Carina Soares-Cunha, researcher and neuroscientist at the Institute for Research in Life and Health Sciences, University of Minho, winner of the L'Oréal Medal of Honor for Women in Science in 2022, describes her scientific work and tells us how "developing a research career in Portugal is very challenging, but also very motivating, because through research you can answer many questions that are around you and that can, in fact, have a very positive impact on society."
During the month of March, the FCCN Unit joins GÉANT's #WomenInSTEM campaign, giving the opinions of several guests in the STEM fields, in an interview.
CS-C: My name is Carina Soares Cunha and I'm a researcher at the Institute for Research and Life and Health Sciences at the University of Minho.
- When and why did you become interested in STEM? Was this your dream as a child/teenager?
CS-C: I am a neuroscientist, being a biologist by training, as it has always been an area that fascinated me since my younger days.

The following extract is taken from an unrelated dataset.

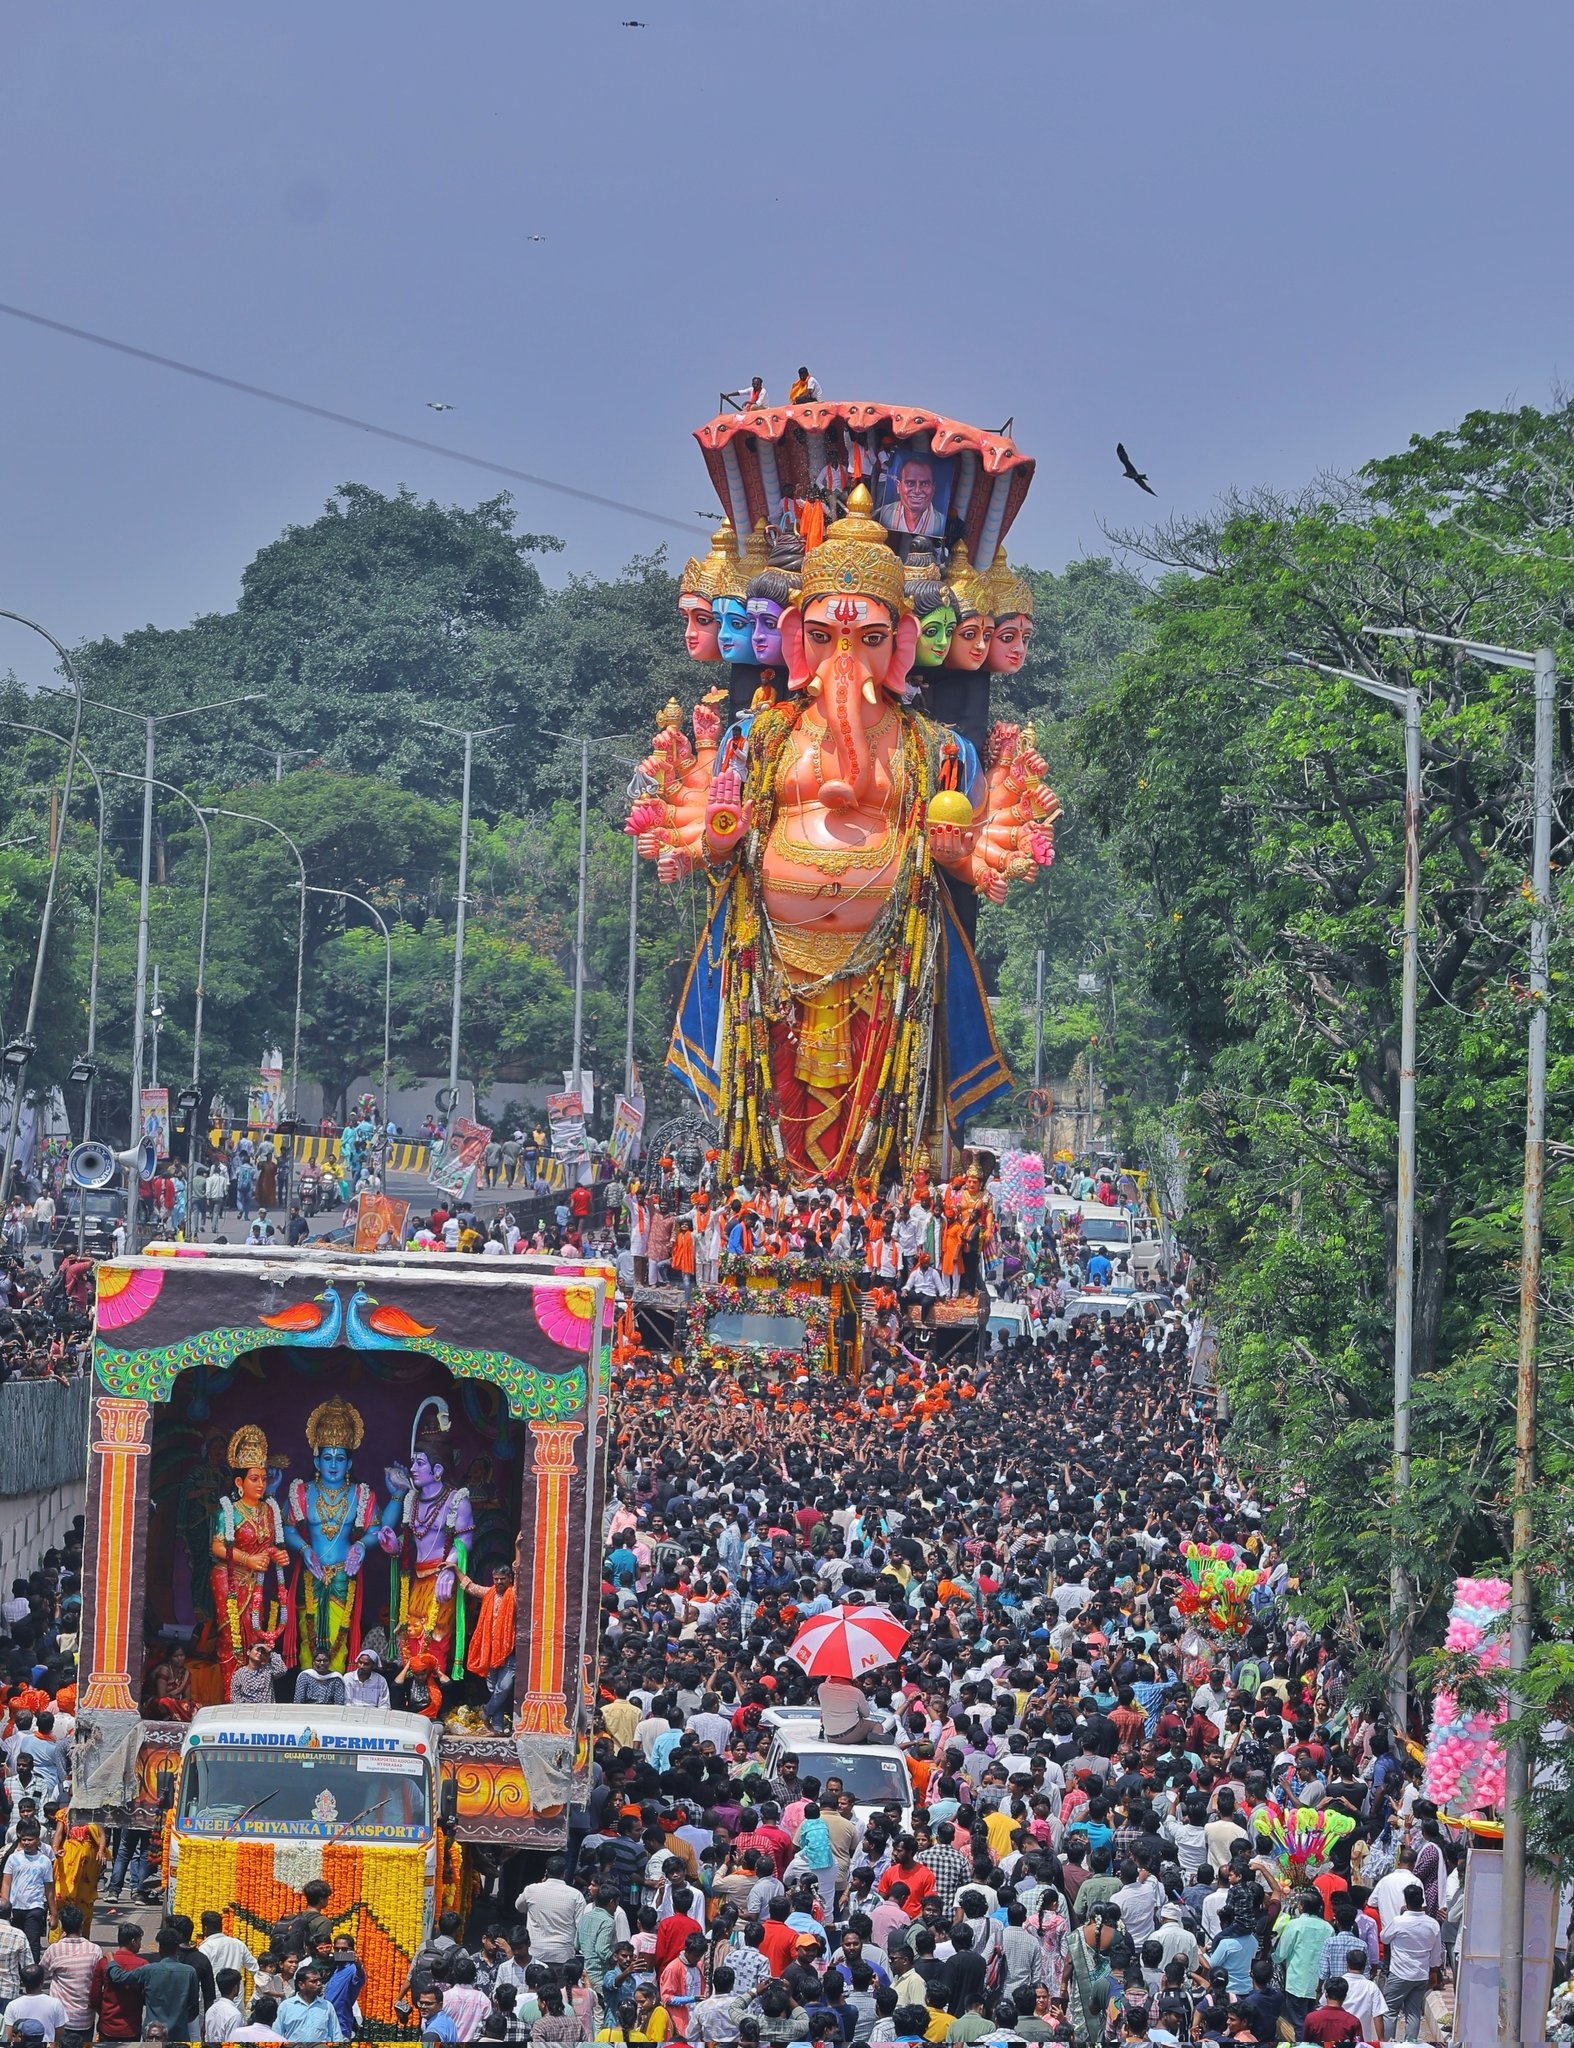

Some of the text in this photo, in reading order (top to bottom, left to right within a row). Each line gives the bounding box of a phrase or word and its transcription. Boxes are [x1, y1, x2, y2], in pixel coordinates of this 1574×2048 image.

[218, 1732, 399, 1750] ALL INDIA PERMIT
[284, 1752, 335, 1761] GUJJARLAPUDI
[195, 1819, 415, 1838] NEELA PRIYANKA TRANSPORT

- How does your work contribute to science, innovation and knowledge creation? How does your work impact the world?
CS-C: Right now I'm doing research in neuroscience, with the goal of finding which circuits in the brain allow us to obtain rewards and avoid dangers, in order to contribute to our well-being.

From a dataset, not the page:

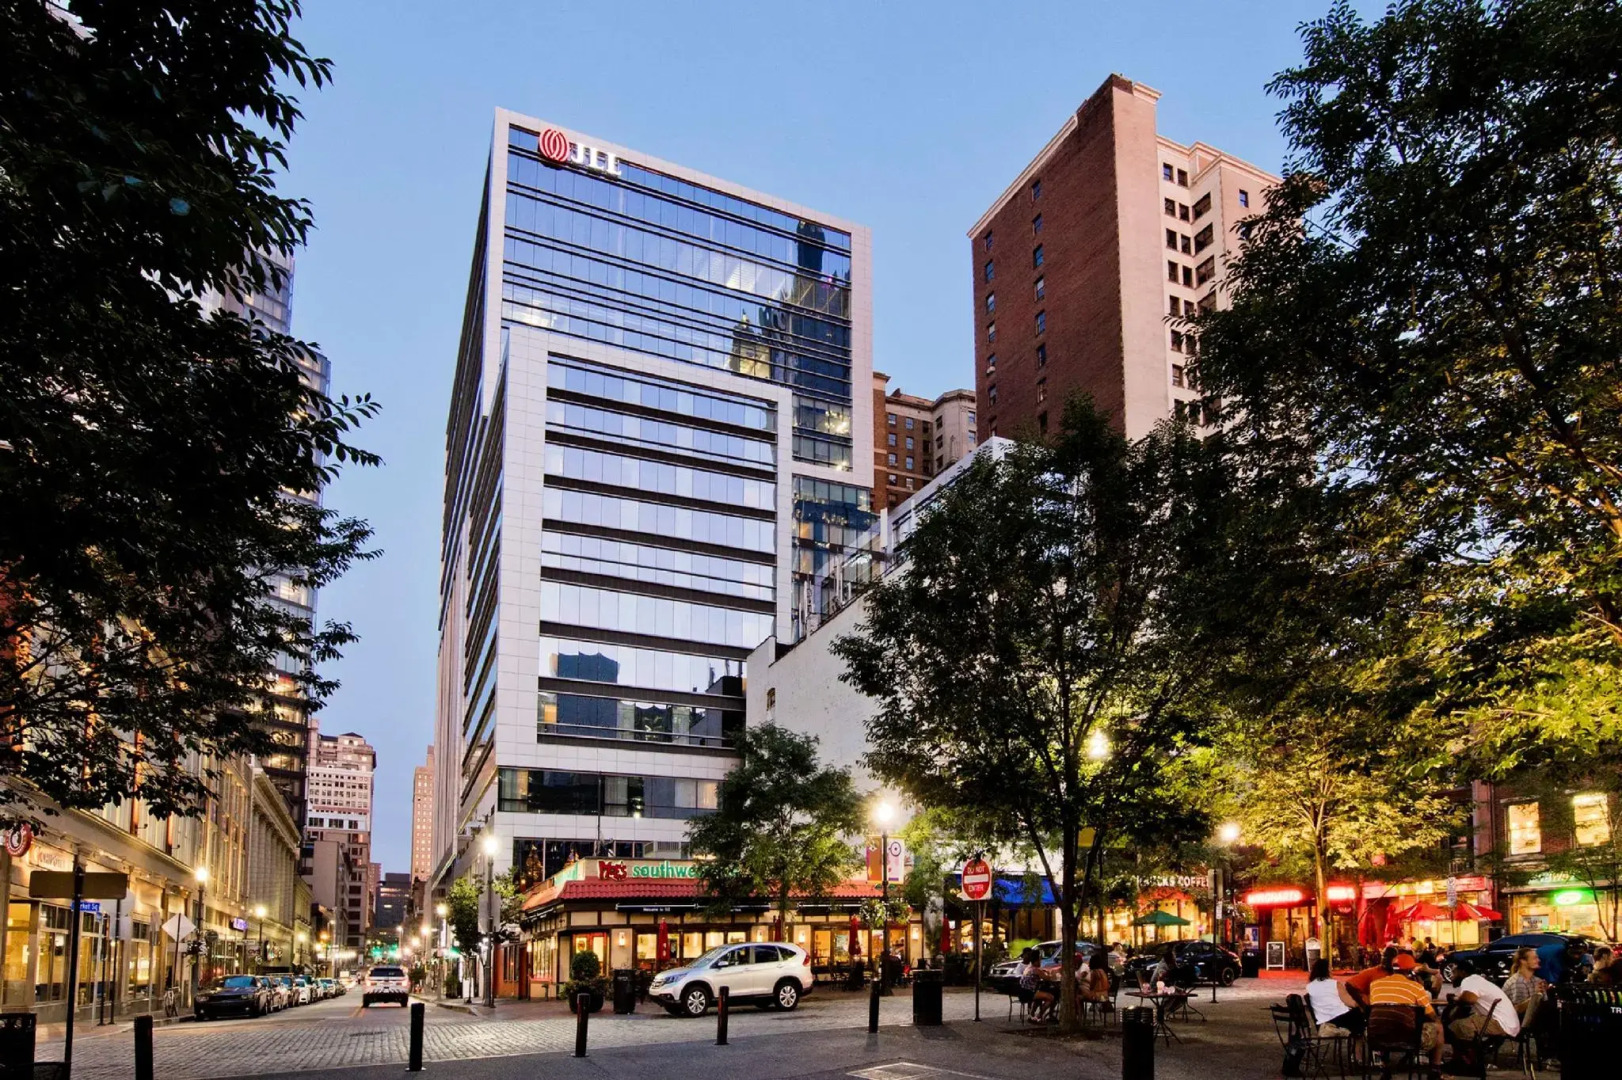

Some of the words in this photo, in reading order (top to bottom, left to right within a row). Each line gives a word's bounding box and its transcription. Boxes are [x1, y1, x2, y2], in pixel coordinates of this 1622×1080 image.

[570, 141, 622, 176] JLL
[967, 866, 975, 874] DO
[975, 865, 985, 873] NOT
[968, 883, 984, 892] ENTER

- What do you hope to accomplish professionally (a goal/dream)?
CS-C: I very much hope that my research in the future will serve as inspiration for the development of new and more effective therapies to treat diseases related to these brain circuits, because I believe that then my work will indeed be valued.
- What inspiring message or advice would you give to young girls interested in a career in STEM?

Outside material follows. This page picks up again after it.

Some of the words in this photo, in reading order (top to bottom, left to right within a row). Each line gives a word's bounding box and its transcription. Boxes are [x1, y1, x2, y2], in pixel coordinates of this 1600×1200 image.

CS-C: What I can tell girls who intend to develop their research in STEM is that: developing a research career in Portugal is very challenging, however, it can also be very motivating, very enjoyable, because you can, through your research, answer many questions that are around you and you can, in fact, have a very positive impact on society.
The partnership that gave rise to L'Oréal-UNESCO For Women in Science was concluded in 1998, between UNESCO and L'Oréal, and inspired several local initiatives in some countries where the company is present. Portugal is one of the countries that, in 2004, began awarding the L'Oréal Portugal Medals of Honor for Women in Science - a joint initiative between L 'Oréal Portugal, the National UNESCO Commission - Portugal and the Foundation for Science and Technology (FCT).